[Records for the task]

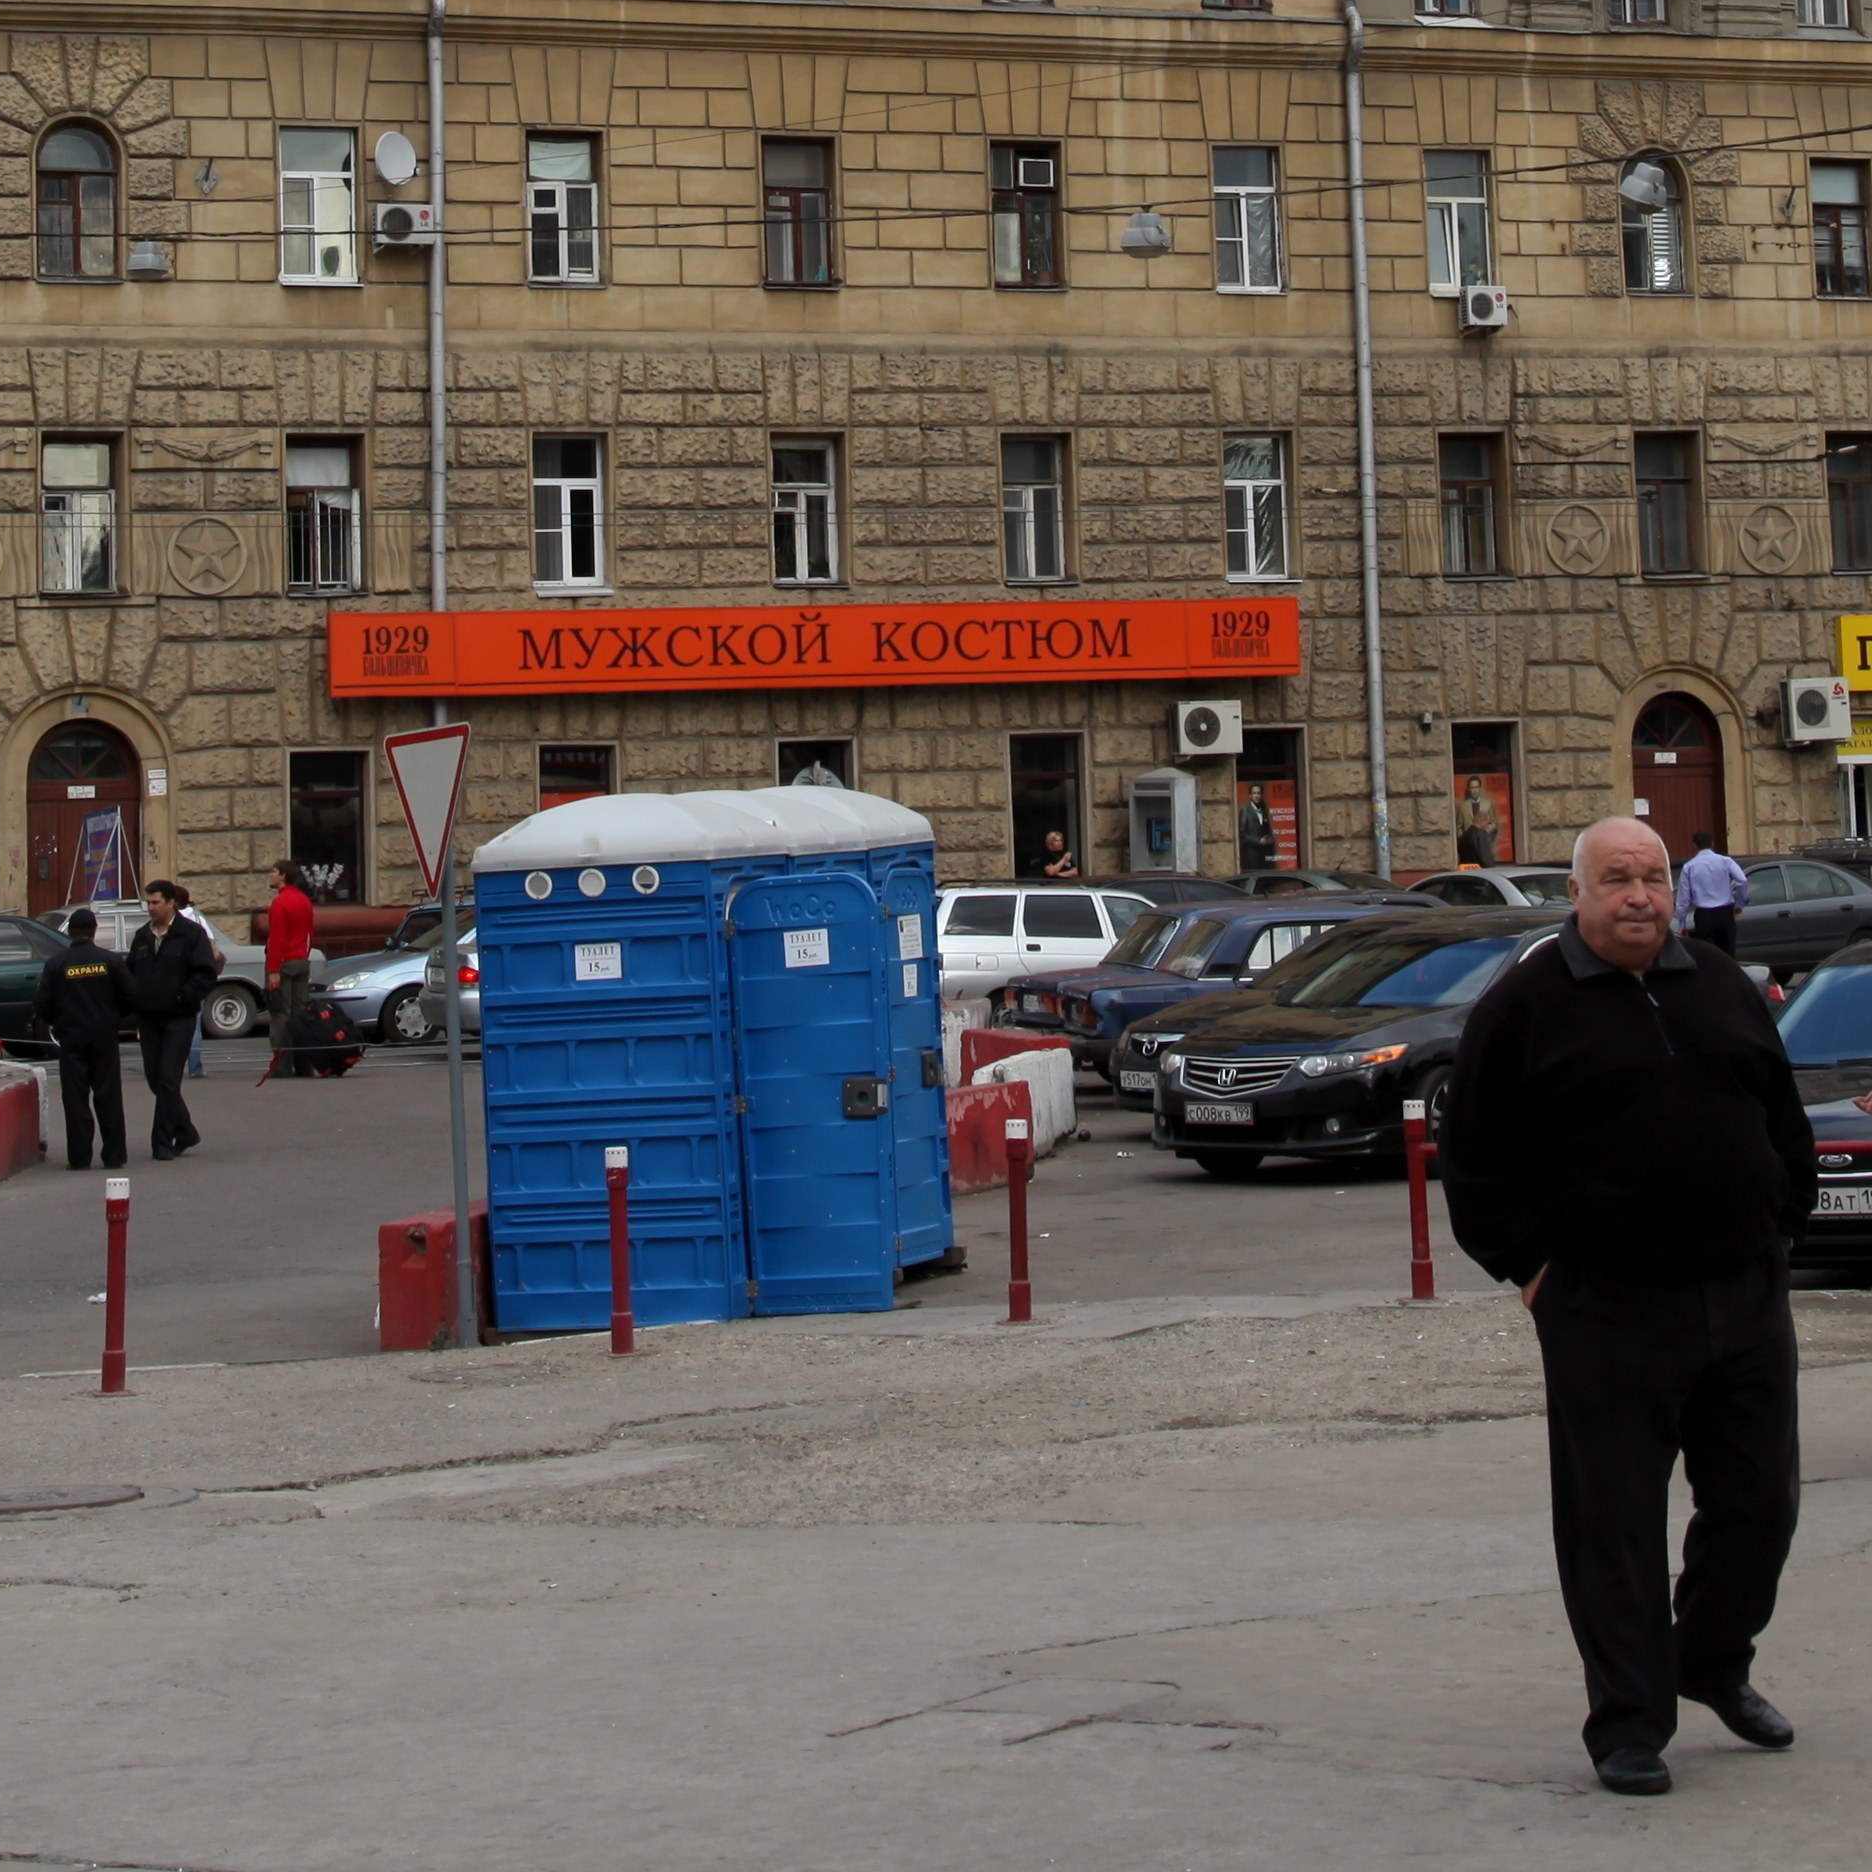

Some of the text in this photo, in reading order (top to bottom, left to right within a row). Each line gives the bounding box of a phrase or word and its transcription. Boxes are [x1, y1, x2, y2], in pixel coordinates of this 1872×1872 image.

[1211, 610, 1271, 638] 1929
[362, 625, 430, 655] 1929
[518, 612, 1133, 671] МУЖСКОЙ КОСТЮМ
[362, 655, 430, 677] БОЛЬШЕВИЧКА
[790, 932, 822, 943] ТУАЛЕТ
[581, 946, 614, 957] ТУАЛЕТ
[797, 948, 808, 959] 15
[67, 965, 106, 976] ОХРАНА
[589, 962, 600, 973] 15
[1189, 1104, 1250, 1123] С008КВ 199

[/Records for the task]

§ **What you should do**
Please output every entry exactly as written, apart from the pictures.

§ **Answer to this problem**
Some of the text in this photo, in reading order (top to bottom, left to right within a row). Each line gives the bounding box of a phrase or word and its transcription. Boxes are [x1, y1, x2, y2], in pixel coordinates of this 1872×1872 image.

[1211, 610, 1271, 638] 1929
[362, 625, 430, 655] 1929
[518, 612, 1133, 671] МУЖСКОЙ КОСТЮМ
[362, 655, 430, 677] БОЛЬШЕВИЧКА
[790, 932, 822, 943] ТУАЛЕТ
[581, 946, 614, 957] ТУАЛЕТ
[797, 948, 808, 959] 15
[67, 965, 106, 976] ОХРАНА
[589, 962, 600, 973] 15
[1189, 1104, 1250, 1123] С008КВ 199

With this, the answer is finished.